- **YOUR OBJECTIVE**
Each record below is to be copied word for word, with pictures removed.

[Saved data entries]
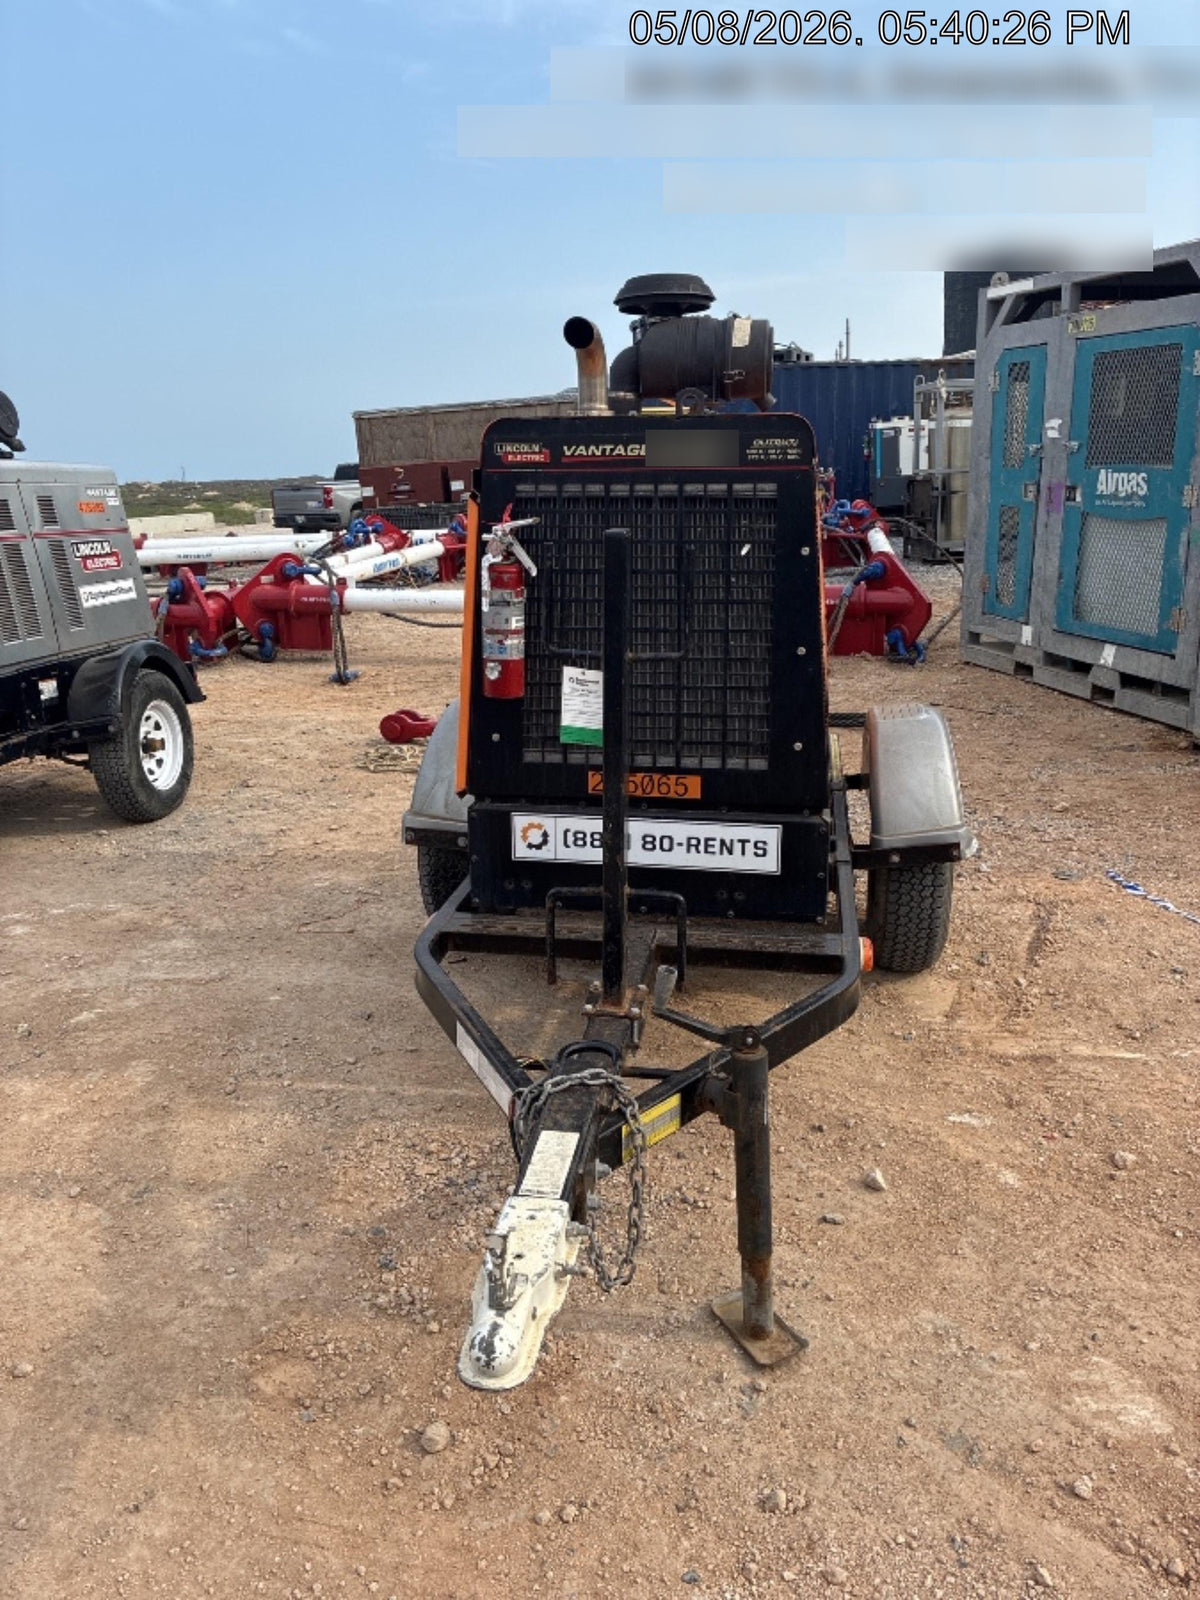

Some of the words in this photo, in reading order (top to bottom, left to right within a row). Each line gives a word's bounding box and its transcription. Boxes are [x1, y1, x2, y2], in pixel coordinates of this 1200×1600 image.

[496, 443, 540, 453] LINCOLN
[507, 454, 546, 462] ELECTRIC
[1095, 469, 1148, 497] Airgas
[75, 543, 112, 557] LINCOLN
[86, 556, 119, 569] ELECTRIC
[590, 772, 689, 797] 25065
[563, 828, 631, 851] (88)
[641, 833, 768, 858] 80-RENTS

- **RESPONSE AREA**
Some of the words in this photo, in reading order (top to bottom, left to right within a row). Each line gives a word's bounding box and its transcription. Boxes are [x1, y1, x2, y2], in pixel coordinates of this 1200×1600 image.

[496, 443, 540, 453] LINCOLN
[507, 454, 546, 462] ELECTRIC
[1095, 469, 1148, 497] Airgas
[75, 543, 112, 557] LINCOLN
[86, 556, 119, 569] ELECTRIC
[590, 772, 689, 797] 25065
[563, 828, 631, 851] (88)
[641, 833, 768, 858] 80-RENTS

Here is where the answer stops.